L’enjeu n’est pas technologique. Il est managérial. L’IA impose de clarifier ce qui relève de l’automatisation et ce qui relève du jugement humain. Ici encore, elle oblige à expliciter les responsabilités plutôt qu’à les diluer dans l’outil.
Implications pour les managers et les DRH
Pour les managers de proximité, le cœur du métier se déplace vers la clarification, la priorisation et la régulation des tensions. Un management explicite en quelque sorte. Pour les managers intermédiaires, le rôle devient encore plus stratégique : traduire, amortir, rendre cohérentes des injonctions souvent contradictoires. Pour les DRH, l’enjeu n’est plus seulement de développer des compétences, mais de réinterroger le modèle managérial implicite que l’organisation diffuse réellement. Voudront-ils se saisir de ce chantier ?
Manager en 2026
L’année qui s’ouvre ne demandera pas aux managers d’être plus héroïques, plus rapides ou plus inspirants. Elle leur demandera autre chose de plus exigeant et moins spectaculaire : assumer lucidement ce que le management produit, au-delà des intentions affichées. En 2026, les entreprises performantes ne seront pas celles qui auront empilé de nouveaux outils, ni celles qui auront multiplié les discours sur le bien-être ou l’IA. Ce seront celles qui auront accepté de rendre explicite leur modèle managérial réel : ce qu’elles priorisent effectivement, ce qu’elles tolèrent, ce qu’elles sacrifient, et ce qu’elles protègent.

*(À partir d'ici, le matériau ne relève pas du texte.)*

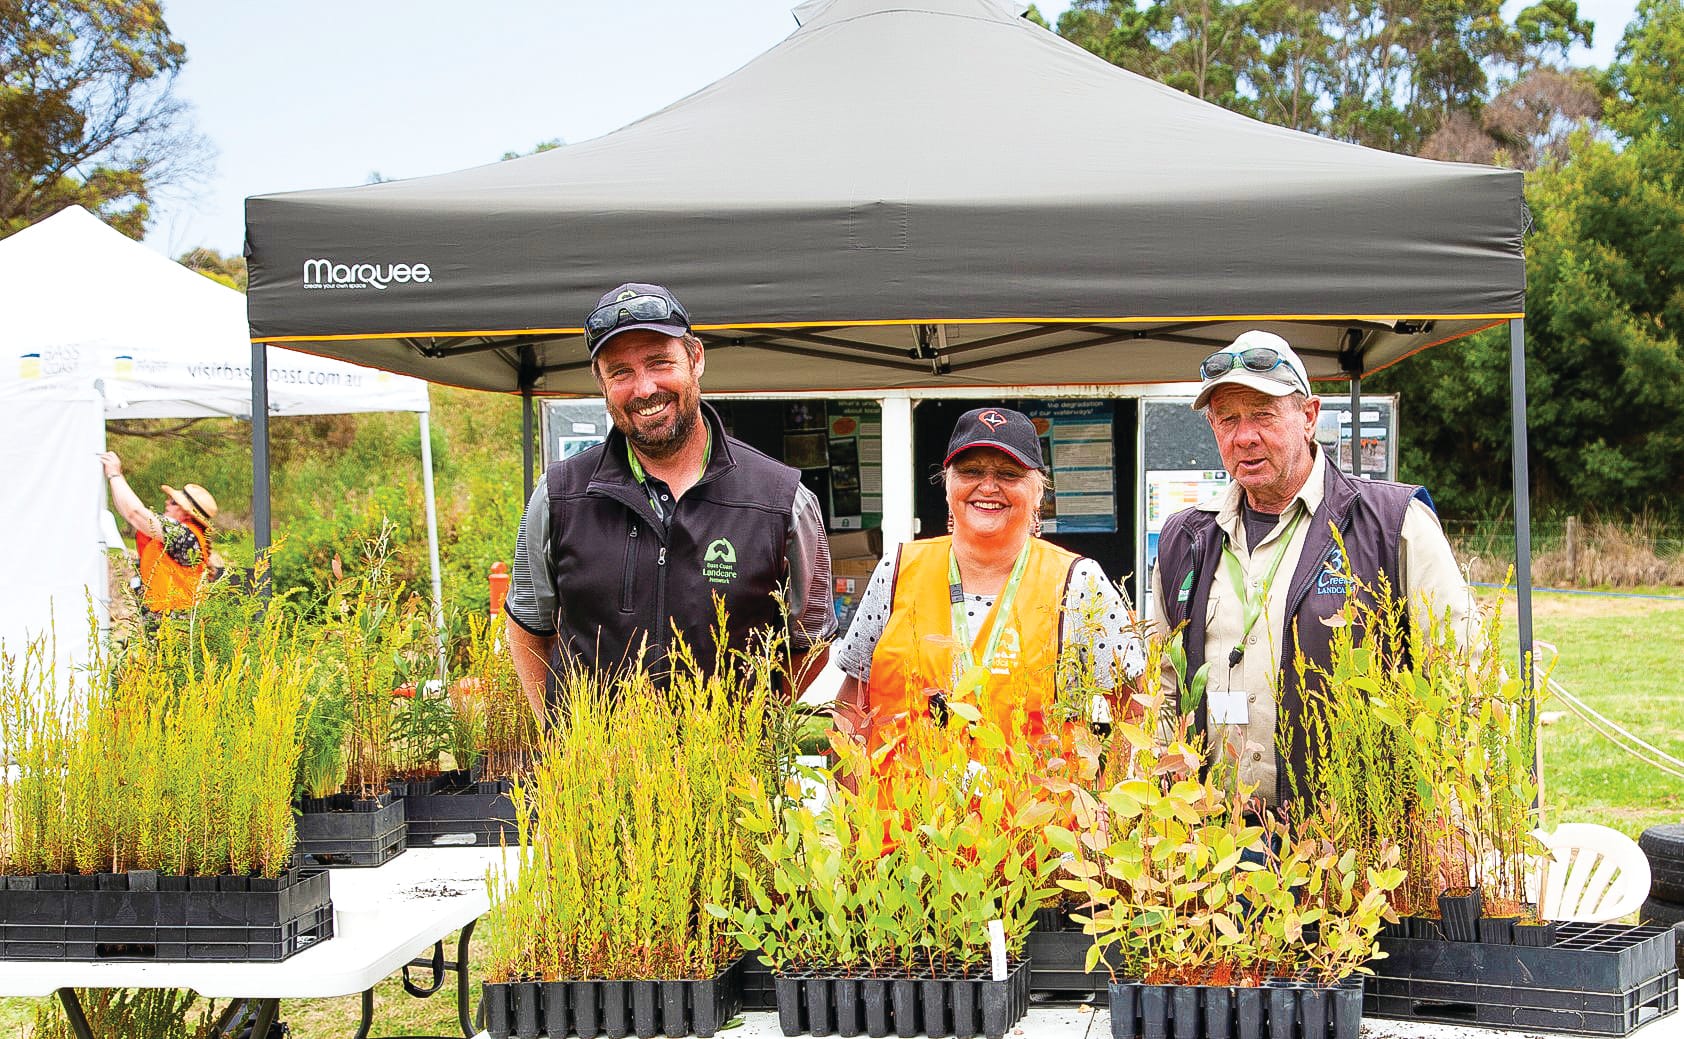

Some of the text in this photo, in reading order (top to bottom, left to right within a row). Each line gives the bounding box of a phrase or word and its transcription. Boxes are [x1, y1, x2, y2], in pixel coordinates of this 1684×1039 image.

[187, 361, 362, 387] visitbasoast.comau
[1061, 401, 1103, 409] degradation
[1331, 549, 1342, 571] 3
[702, 568, 737, 578] Landcare
[1317, 586, 1355, 595] LANDCAE

Gageons que le manager jouera le rôle d'acteur de cohérence, capable de réguler l’incertitude, de contenir la surcharge et de rendre les arbitrages compréhensibles. Il cessera de laisser son enseignement implicite opérer dans l’angle mort. Là où le cadre est flou, la charge devient toxique. Là où les priorités sont contradictoires, l’engagement se fragilise. Là où les responsabilités sont diluées, la technologie accentue les tensions au lieu de les résoudre.
Manager en 2026 consistera moins à commander qu’à clarifier. Moins glorieux ;) mais plus utile. Et bonané.
(1) L'évocation de l'IA est toujours floue. J'aurais l'occasion d'y revenir. Mais tenons au fait qu'en 2026, l'IA reste souvent limitée aux capacités de l'IA embarquée dans des outils. Pas grand chose à voir avec les modèles les plus élaborés.
(2) Sur la santé mentale, lire l'article .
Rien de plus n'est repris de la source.